The mainstream South African music industry has often been criticised, and rightly, over the years for not paying enough attention to significant portions of the country’s musical history, especially in the CD era when crate-digging for forgotten and, better still, previously undiscovered gems became something of a cottage industry in other parts. There were exceptions, of course, few and scattered though they were, with a golden Gallo (and, to a lesser extent, Teal) period making use of the extraordinary historical expertise and enthusiasm of archivist Rob Allingham, who it has always seemed has forgotten more local musical history than most of the rest of the industry ever knew … and Allingham doesn’t forget much.
Which is where Matsuli Music comes in. Matsuli is an independent record label run from London by former South African Matt Temple and from Durban by Chris Albertyn and dealing mainly, though more recently by no means exclusively, in beautifully rejigged vinyl reissues of extremely rare South African albums. They call what they do the fight against forgetting, or even more accurately, perhaps, the fight against oblivion, which is no doubt where many, if not all, of their reissues would have ended up without their intervention. The title of their latest of 26 albums currently appearing on their Bandcamp page (https://matsulimusic.bandcamp.com/) pretty much tells that part of the story. It’s ‘Zulu Guitar Blues: Cowboys, Troubadours and Jilted Lovers 1950-1965’. But more of that later.
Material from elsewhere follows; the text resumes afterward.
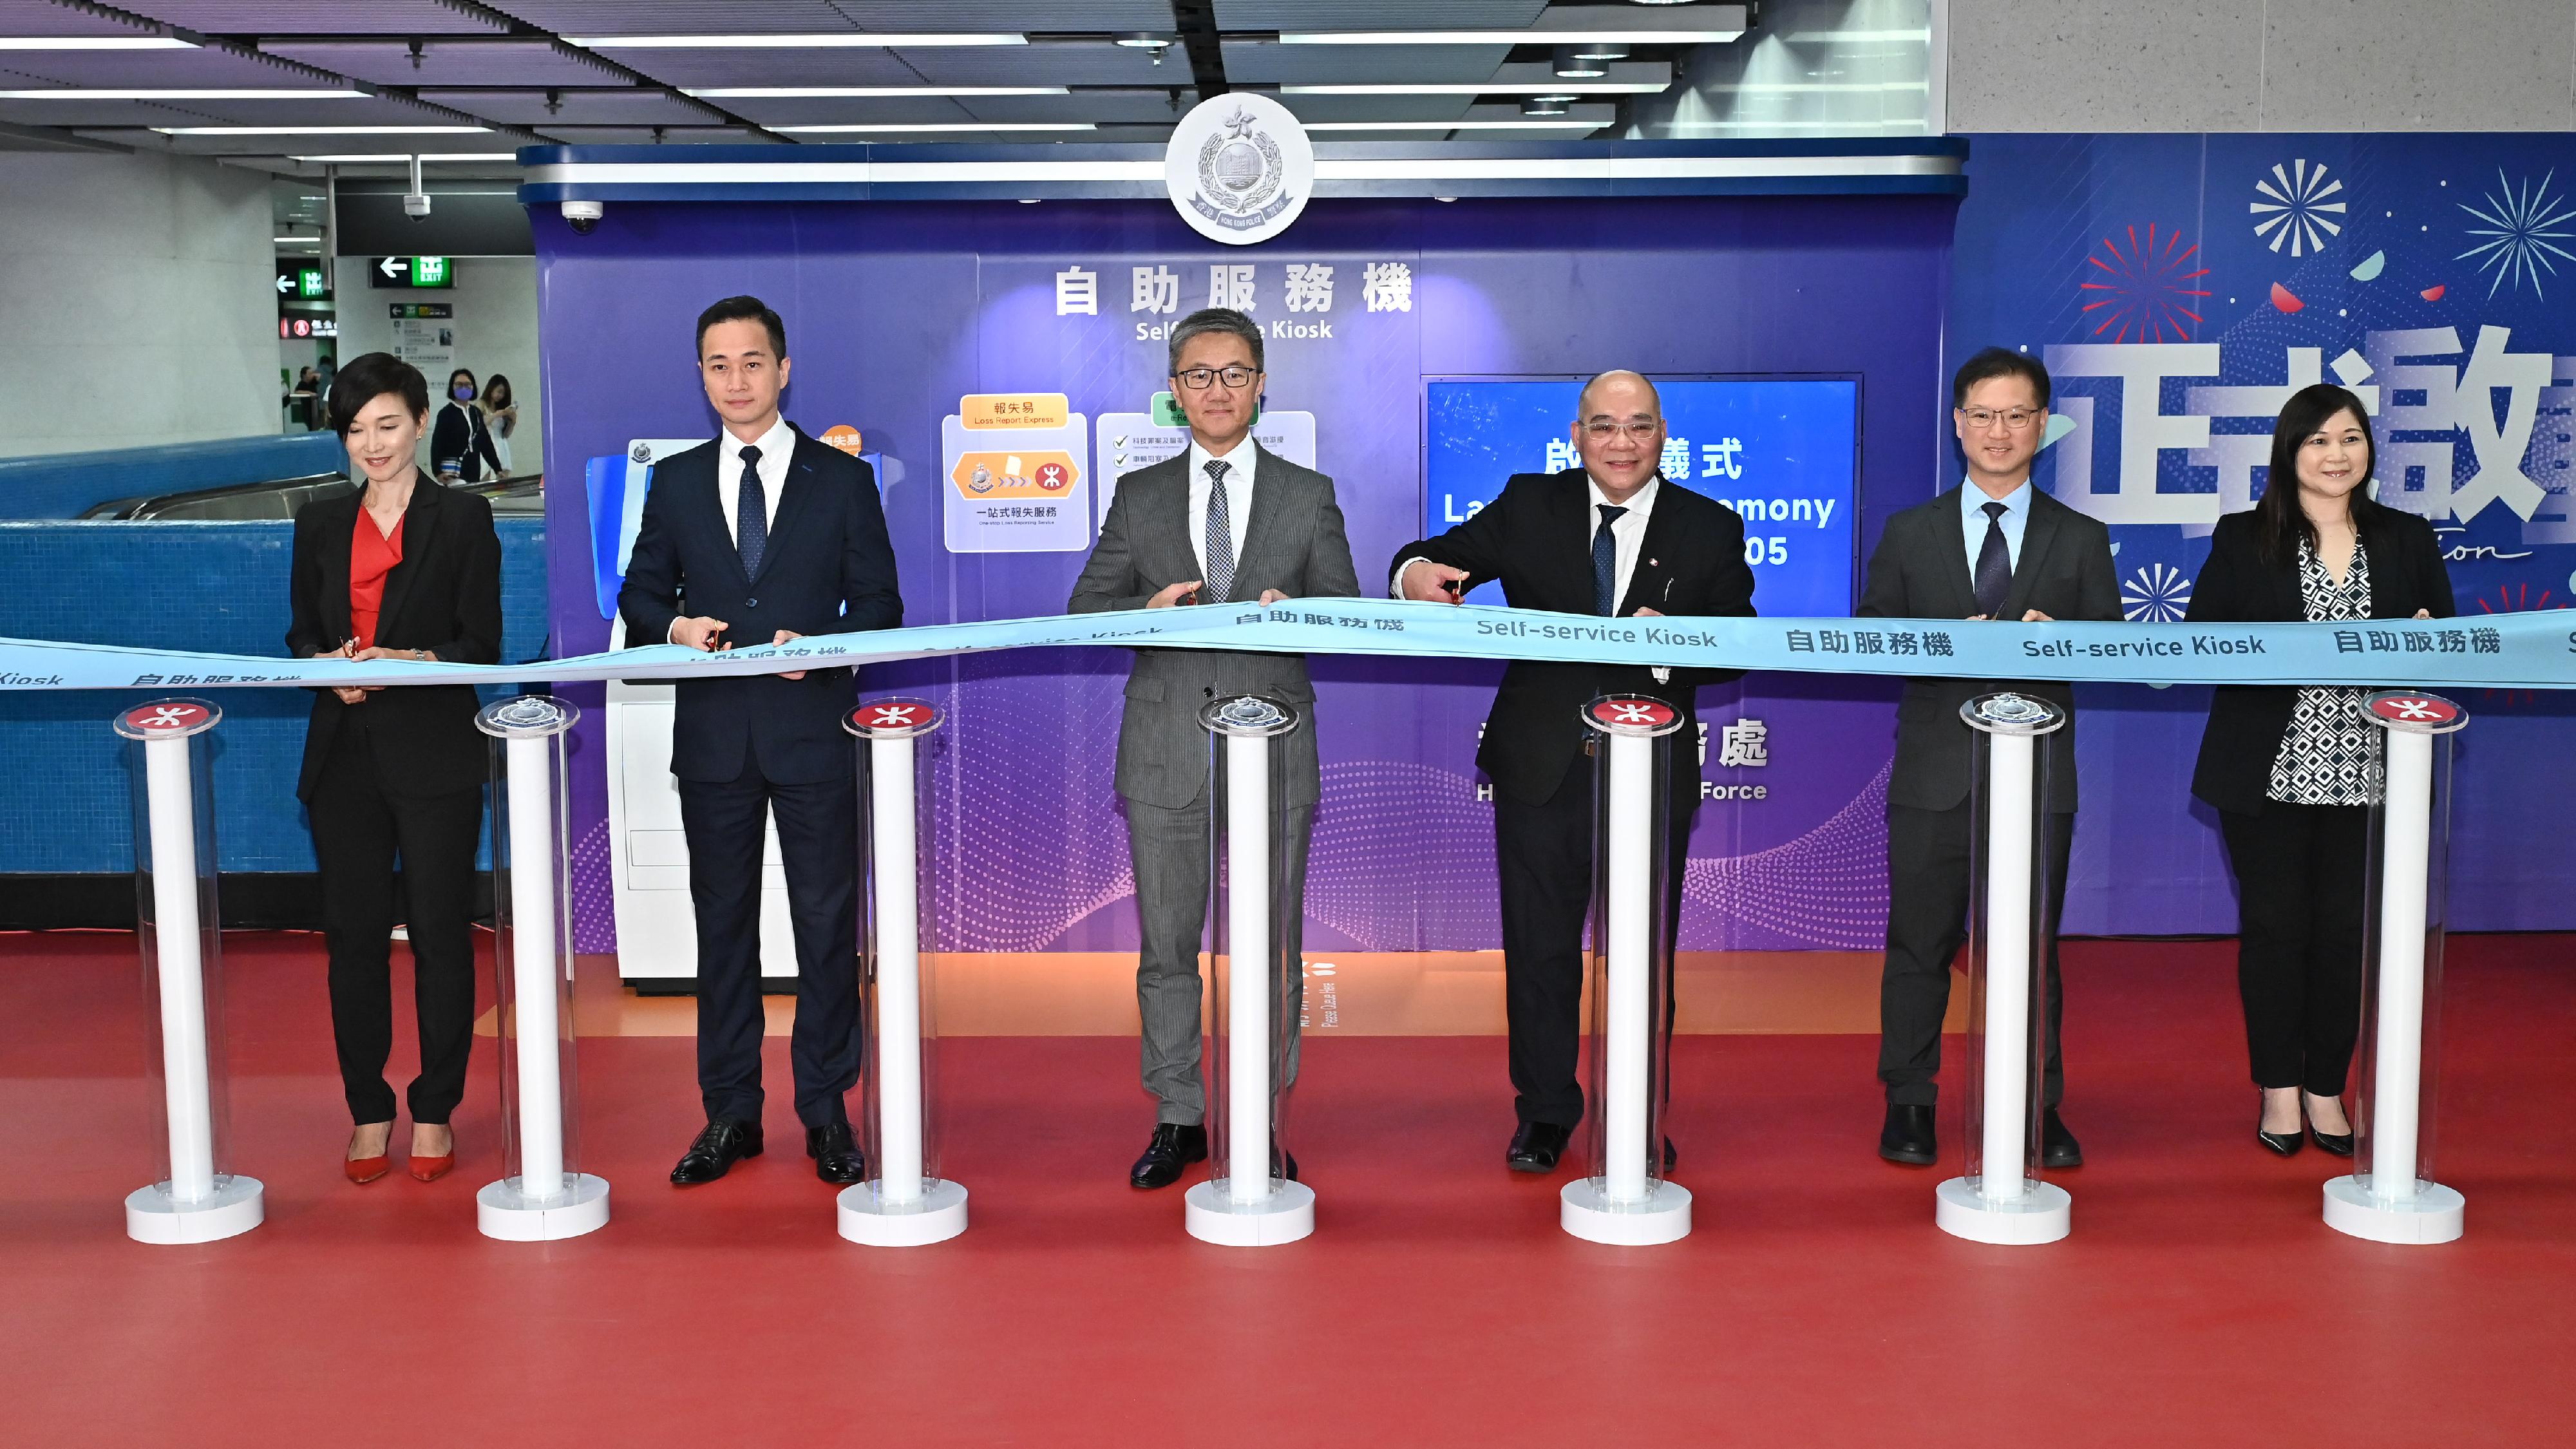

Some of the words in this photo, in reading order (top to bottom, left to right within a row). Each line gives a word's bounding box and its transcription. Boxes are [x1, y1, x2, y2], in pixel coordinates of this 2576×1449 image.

The record label grew out of the Electric Jive blogspot (https://electricjive.blogspot.com/), an internet resource where these inveterate collectors of old and dusty South African records and a couple of their mates posted music you basically couldn’t hear anywhere else, along with stories of the people who made it. It hasn’t been operating for a while but is still worth a visit.
Typically, a Matsuli release is a multi-faceted wonder whose vinyl quality, album design and extensive liner notes, particularly on the reissues, compete with the best anywhere. In addition, the rarity of the music, some of which hardly saw daylight at the time of its initial publication, will satisfy even the most fastidious collectors. The label’s choices are the end result of Matsuli’s deep knowledge of and abiding love for what might be seen as the underground history of mainly black South African music, a history that they are unearthing one release at a time.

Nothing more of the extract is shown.